Community Based Programme against HIV and AIDS in Zimbabwe
~ A nurse and a maternity nurse from the JRCS met various local people ~
The Zimbabwe Red Cross Society (ZRCS) is a leading organization in Zimbabwe that provides humanitarian assistance to the most vulnerable through its Community Based HIV/AIDS Programme. The Japanese Red Cross Society (JRCS) is supporting the ZRCS through providing financial assistance and sending health delegates. The following is the reports sent from the JRCS delegates.
"I have anti-AIDS medicine, but...."
Reported by Nurse Sakurai
(Seconded from Maebashi Red Cross Hospital;worked in Mashonaland West Province from May 21 through November 20, 2007.)
Among the HIV/AIDS patients receiving home health care services, there was one woman in her forties from Zambia. She went back to Zambia every month for more than a year to get her prescribed anti-retroviral (ARV) medicine, which suppresses the spread of HIV. When I first visited her at home, I asked her if she ever forgot to take her daily dose of the medicine. She answered very seriously that she never forgot it because the medicine was her lifeline. A month later, I visited her again and found the skin of her face darker and harder than before. I asked her if she still took the medicine on a regular basis, and she answered that she did so every day without fail. However, when I further asked if she had taken it or not that day, she just looked down and didn't answer. It was already past eleven o'clock in the morning, far later than her normal medicine time. Then I asked her again to confirm her actions. "You must have been instructed by the doctors to take this medicine at the proper time every day, weren't you?" She answered, "I know very well that I will die if I don't take it regularly. However, the side effects of this medicine are so severe that I can't endure them when I'm hungry. So I always try to take it after a meal."She continued, nearly in tears. But today, I can't take the medicine yet because I have no food to eat. I still can't find any though I've been trying to since this morning. I do want to take it soon, but I can't...."I was completely shocked by her words and just stood there looking at her, unable to respond.

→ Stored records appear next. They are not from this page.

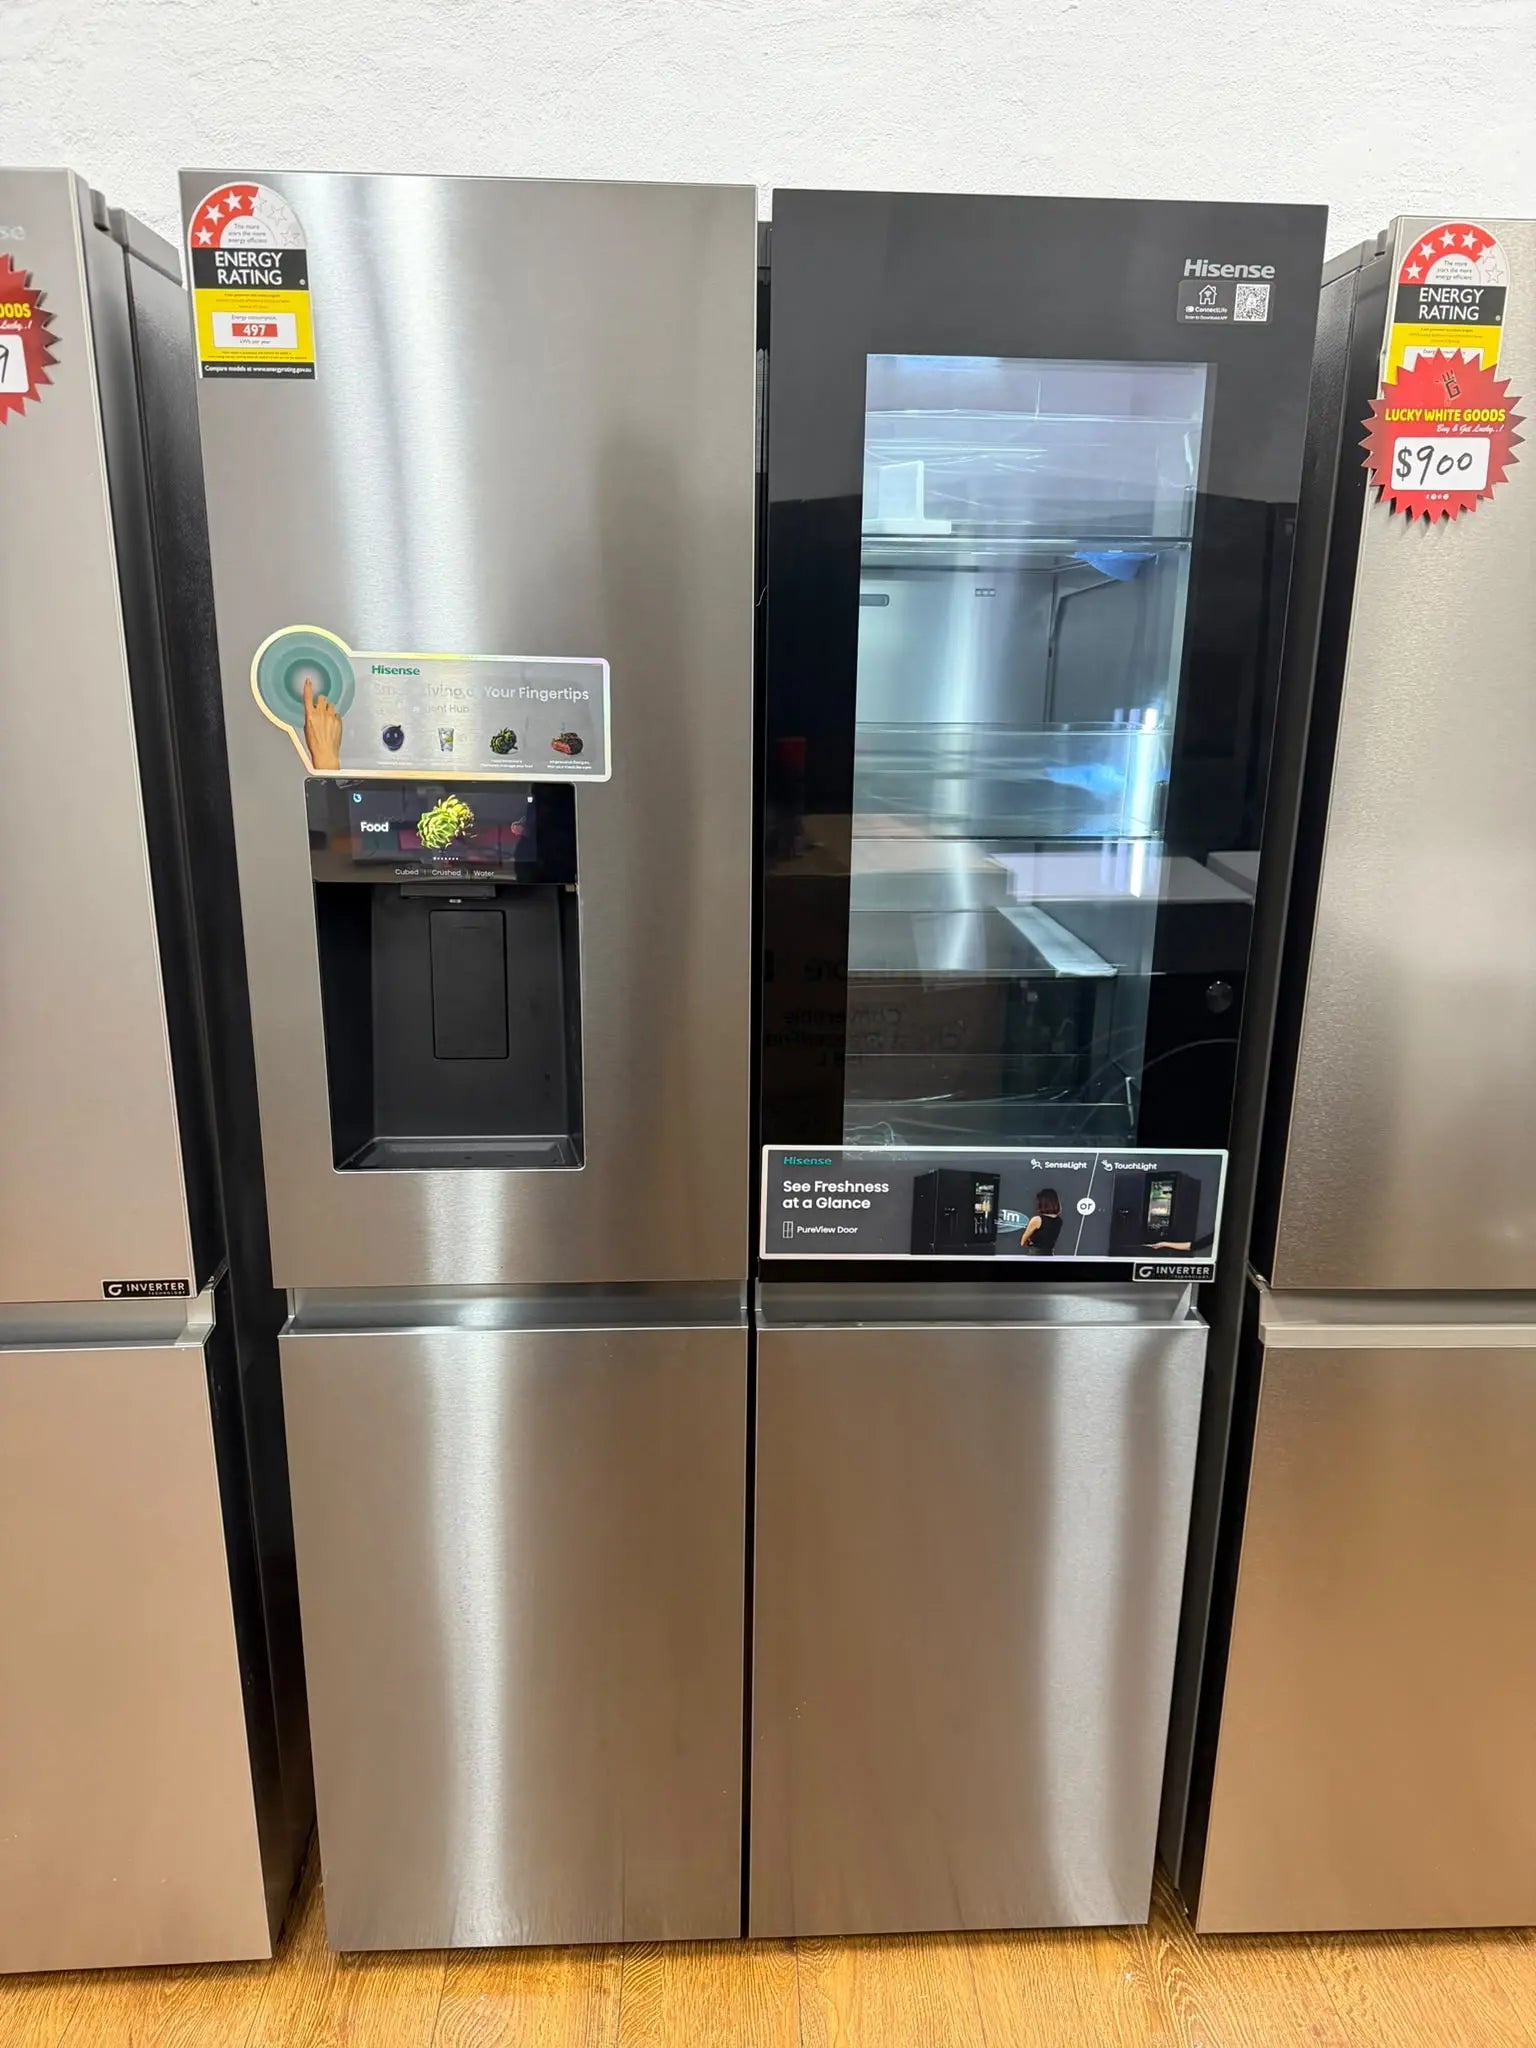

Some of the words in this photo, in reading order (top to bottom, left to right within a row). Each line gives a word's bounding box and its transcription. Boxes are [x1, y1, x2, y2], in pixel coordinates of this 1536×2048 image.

[214, 251, 283, 268] ENERGY
[1183, 258, 1276, 279] Hisense
[217, 268, 283, 286] RATING
[1419, 287, 1485, 304] ENERGY
[1418, 304, 1480, 321] RATING
[243, 324, 266, 336] 497
[1385, 408, 1422, 421] LUCKY
[1423, 408, 1461, 422] WHITE
[1463, 408, 1506, 422] GOODS
[1436, 424, 1450, 433] Buy
[1451, 424, 1459, 432] &
[1459, 424, 1472, 434] Get
[1395, 445, 1473, 486] $900
[371, 665, 421, 676] Hisense
[427, 683, 464, 700] iving
[484, 685, 516, 698] Your
[519, 686, 590, 704] Fingertips
[449, 704, 470, 713] Hub
[360, 821, 390, 832] Food
[431, 868, 462, 876] Crushed
[473, 869, 495, 877] Water
[783, 1156, 833, 1166] Hisense
[1044, 1160, 1088, 1170] SenseLight
[1114, 1161, 1158, 1171] TouchLight
[783, 1180, 811, 1193] See
[814, 1180, 890, 1193] Freshness
[782, 1197, 800, 1209] at
[802, 1199, 812, 1209] a
[815, 1196, 871, 1209] Glance
[1079, 1202, 1092, 1211] or
[1002, 1209, 1020, 1222] 1m
[796, 1225, 836, 1234] PureView
[837, 1225, 858, 1234] Door
[1156, 1266, 1210, 1275] INVERTER
[126, 1282, 185, 1292] INVERTER
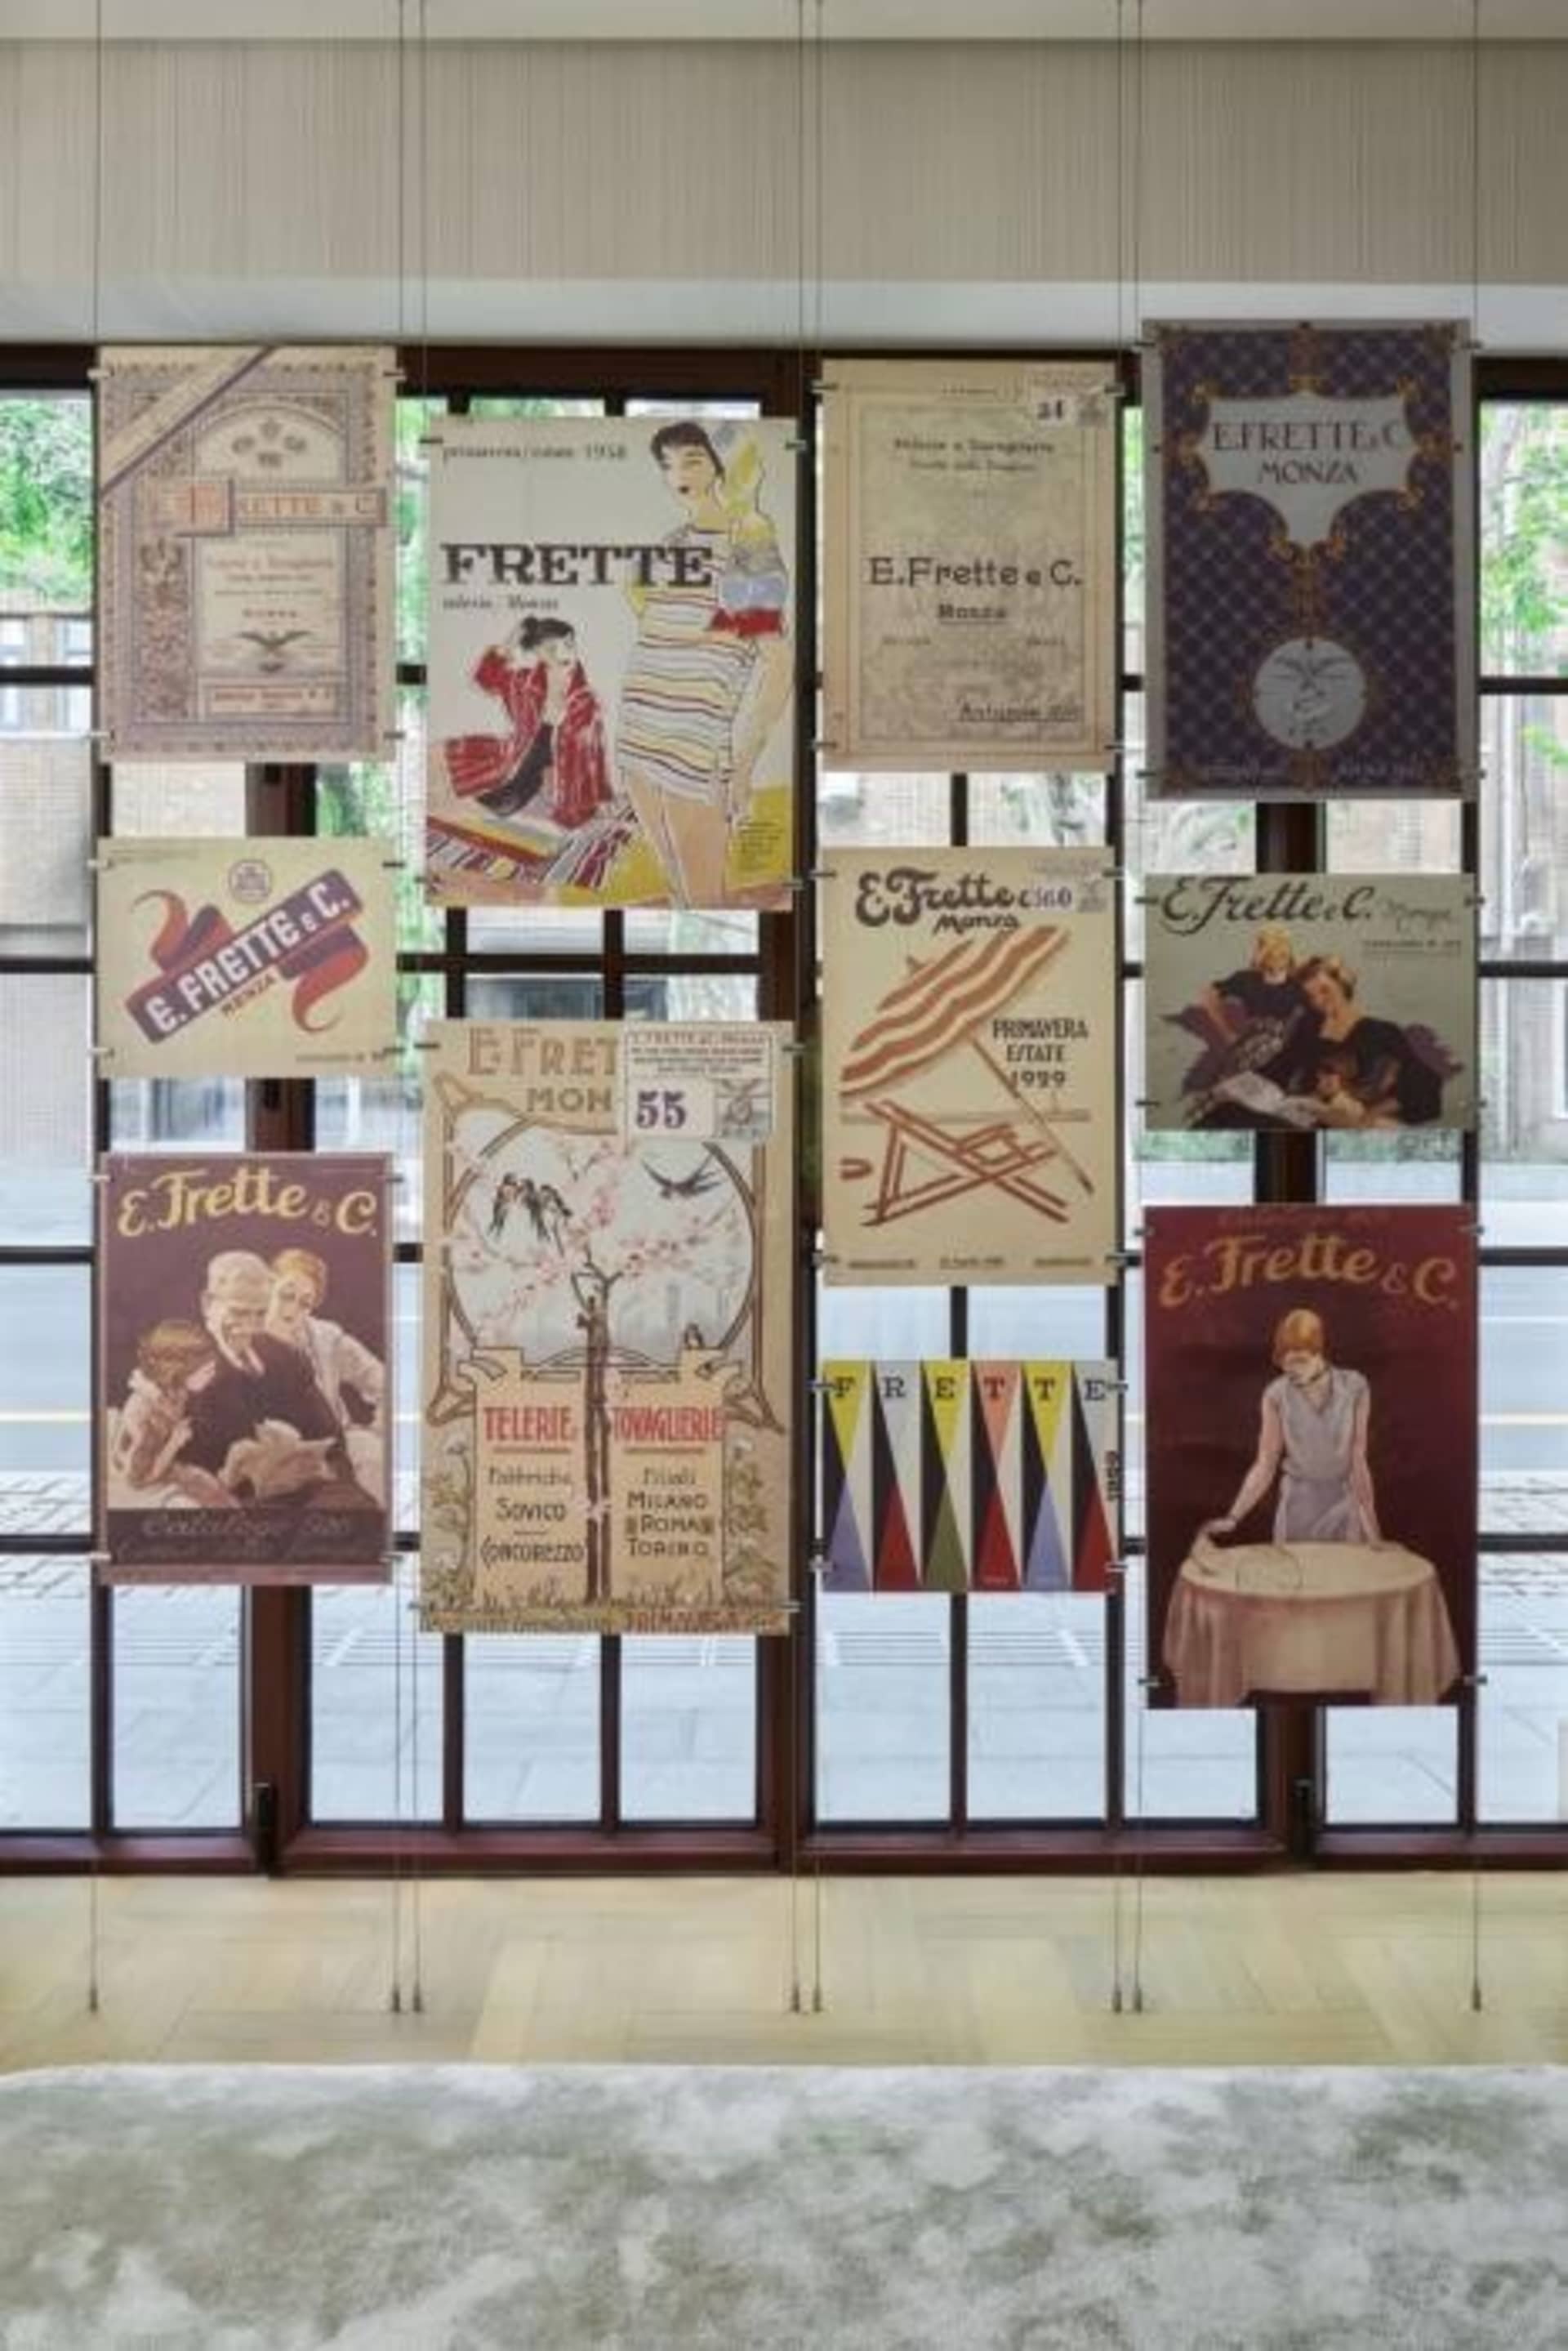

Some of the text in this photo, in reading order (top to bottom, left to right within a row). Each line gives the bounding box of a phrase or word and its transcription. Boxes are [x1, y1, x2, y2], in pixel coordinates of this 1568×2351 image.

[1259, 461, 1359, 484] MONZA
[440, 543, 713, 587] FRETTE
[177, 909, 301, 1012] FRETTE
[992, 1018, 1089, 1039] PRIMAVERA
[1006, 1044, 1066, 1063] ESTATE
[636, 1090, 687, 1129] 55
[150, 1167, 308, 1229] Frette
[1204, 1233, 1381, 1293] Frette
[483, 1406, 575, 1441] TELERIE

"Look at my farm produce, and my school record, too."
Reported by Maternity Nurse Aoyagi
(Seconded from Katsushika Red Cross Maternity Hospital; worked in Mashonaland East Province from June 24 through December 15, 2007.)
One day when we drove down a rural road in a car, a boy ran after us. His name was Arfigio, and he was 12 years old. He had lost his parents due to AIDS three years before and was now living alone. After the death of his parents, he was taken to a relative's home, but later he ran away because he was abused there and went back to the house he had lived in with his parents. He was registered as an AIDS Orphan and Other Vulnerable Children (OVC), by the volunteers of the Zimbabwe Red Cross. When he saw the Red Cross staff, he asked pleasantly, "Will you stop by my house? I'll show you the nice onions I grew." He also told us cheerfully that his school term was just over and that he lived a good healthy daily life. Onion seeds are distributed by the Red Cross as part of its food supply program. The onions he had grown were really nice. As I was leaving his house, he asked me to take a bag full of his onions. "I feel guilty to take so many onions," I said. But as the other Red Cross staff also encouraged me to take a whole bag, I finally accepted it from him. I still clearly remember the bashful smile he showed when I said, "Thank you very much." I was moved to tears by the fact that, even without power or water, he stayed alone at night and worked on the farm during the daytime, while going to school every day.
When adults become HIV/AIDS patients, the daily lives of their children are also directly affected. The Red Cross assists such children by distributing food, soap, stationery and school uniforms as well as paying school expenses. When each school term is over, children come to Red Cross offices to present their school records and show their gratitude to the staff. I was impressed by how much the staff enjoyed watching as the children grew over the years. It is true that the support provided by the Red Cross is not nearly enough and that there are still many things to do for such children. However, it is also true that we have saved many people step by step, in a firm, resolute manner. We must continue supporting these efforts in Zimbabwe, and I hope the time will soon come when the Zimbabwe Red Cross becomes independent and even more successful.